La société est bien placée pour répondre au vif intérêt actuel du marché, avec sa chaîne de montage capable de produire 12 à 15 jets par an. « Nous devons juste ajouter des ressources, et la chaîne d’approvisionnement s’améliorera dans les prochaines années, donc ce ne sera pas un problème », dit-il.

Le C-390 est également promu au Moyen-Orient via un partenariat avec le britannique BAE Systems, avec l’Arabie saoudite comme objectif initial. Et un développement dit Agile Tanker est proposé à l’US Air Force (USAF) avec son partenaire L3Harris. La plate-forme est destinée à soutenir les opérations à partir de pistes d’atterrissage dispersées et potentiellement austères situées dans la région Asie-Pacifique.

Agissant en tant que maître d’œuvre, L3Harris a répondu en mars à une demande d’informations, et les partenaires prévoient d’effectuer de futurs essais en vol d’un KC-390 avec une perche de ravitaillement légère installée sous son fuselage arrière.

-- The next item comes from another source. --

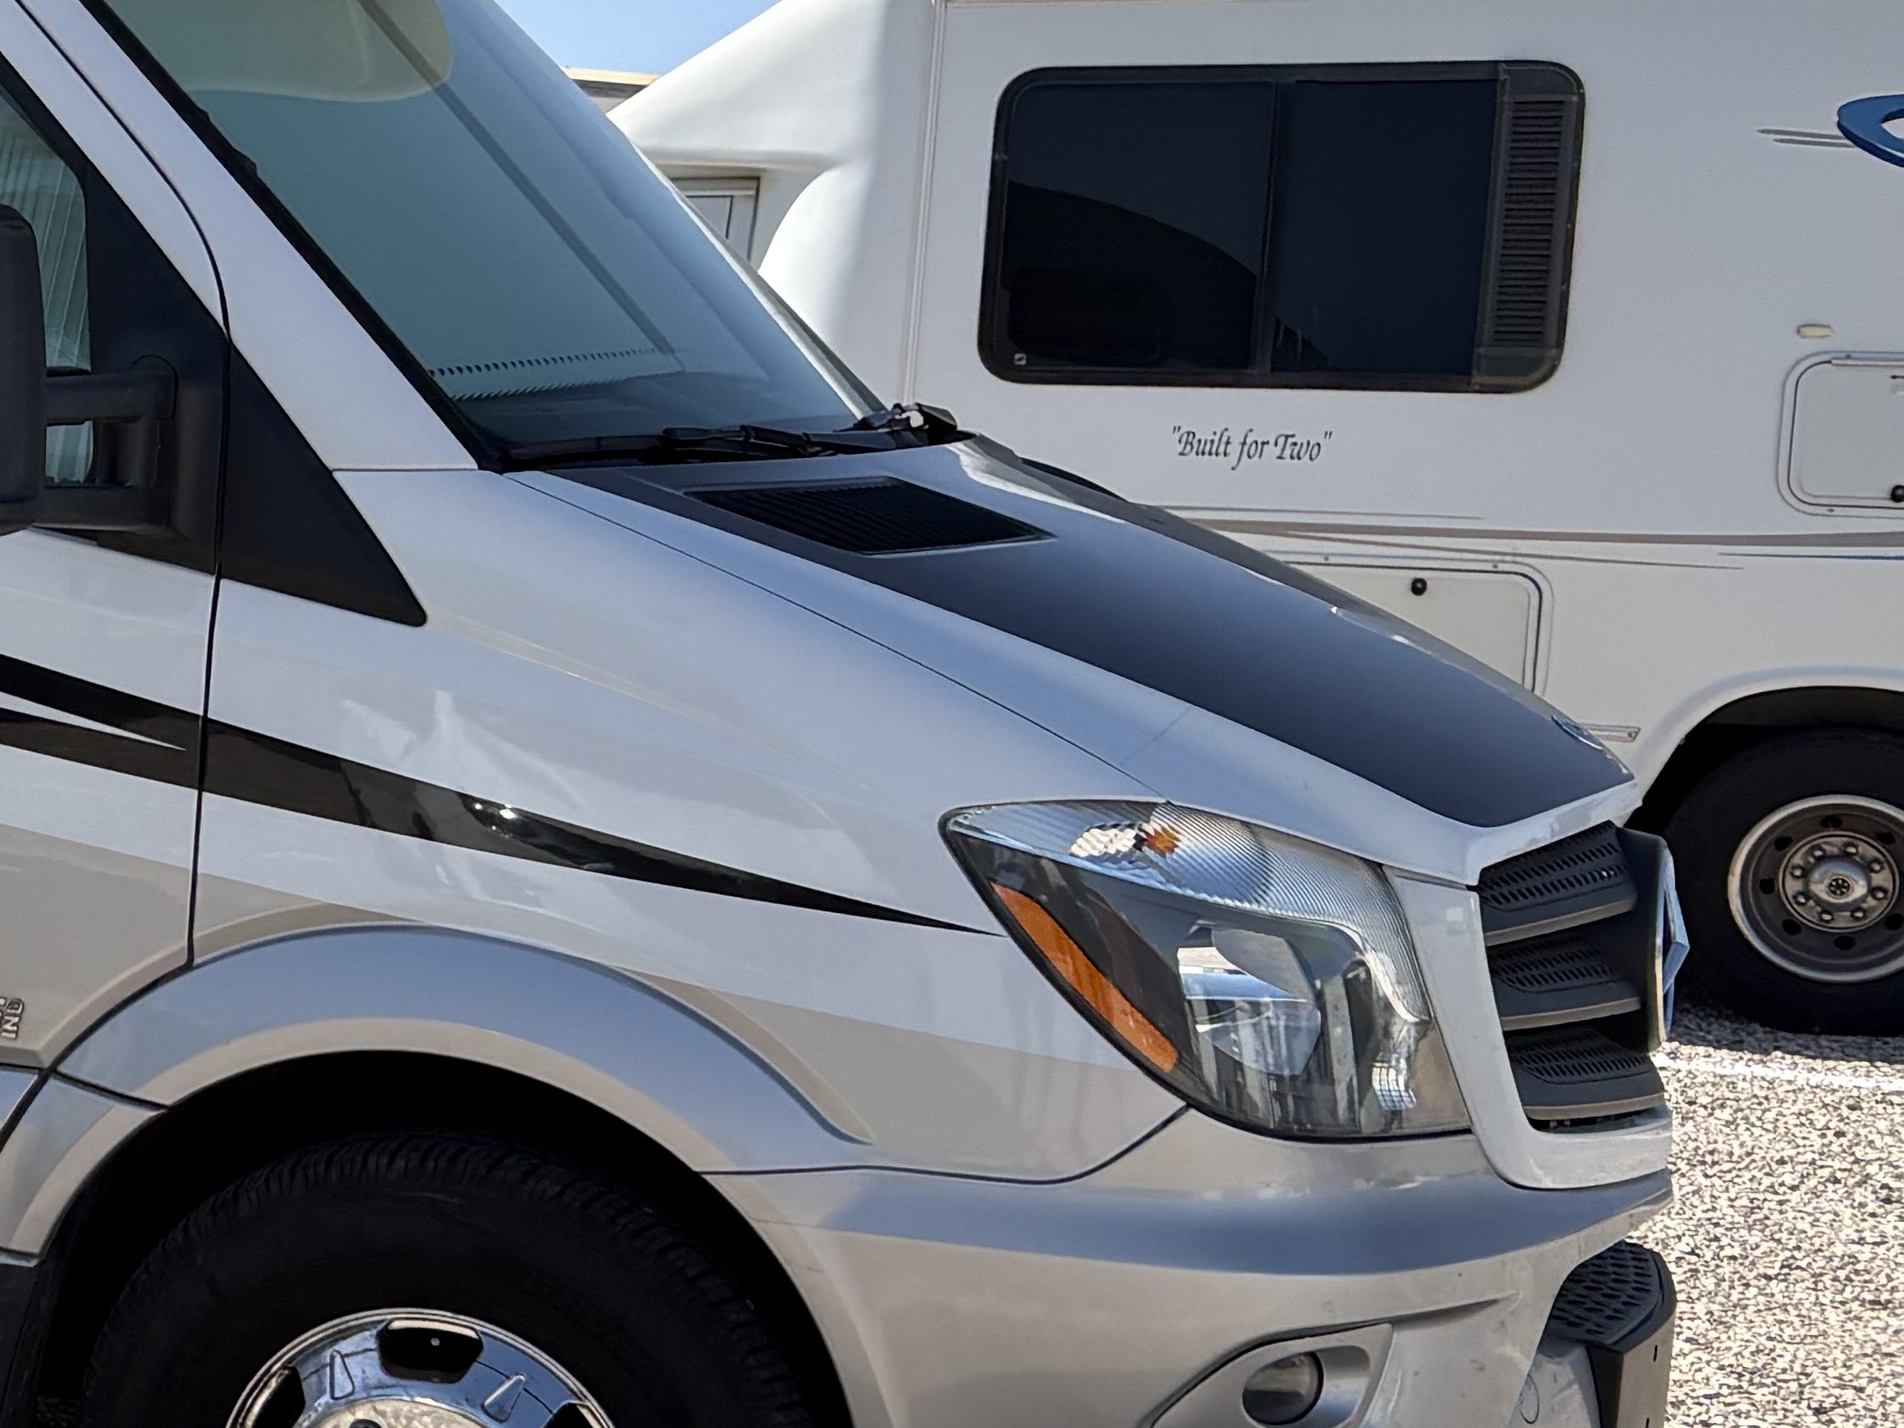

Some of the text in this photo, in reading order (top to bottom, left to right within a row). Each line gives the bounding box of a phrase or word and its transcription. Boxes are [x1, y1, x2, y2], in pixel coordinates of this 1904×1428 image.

« Nous pensons qu’il y a des supporters. Les choses avancent bien et nous avons le bon partenaire », déclare Gomes Neto. « Si nous parvenons à vendre un volume raisonnable à l’USAF, nous envisagerons de faire de l’assemblage et de la production aux États-Unis, avec L3. »

Par ailleurs, Embraer prévoit d’annoncer une première commande pour la version A-29N optimisée par l’OTAN de son Super Tucano plus tard cette année, après avoir fait la démonstration du turbopropulseur d’attaque léger à plusieurs membres de l’alliance, dont les Pays-Bas et le Portugal.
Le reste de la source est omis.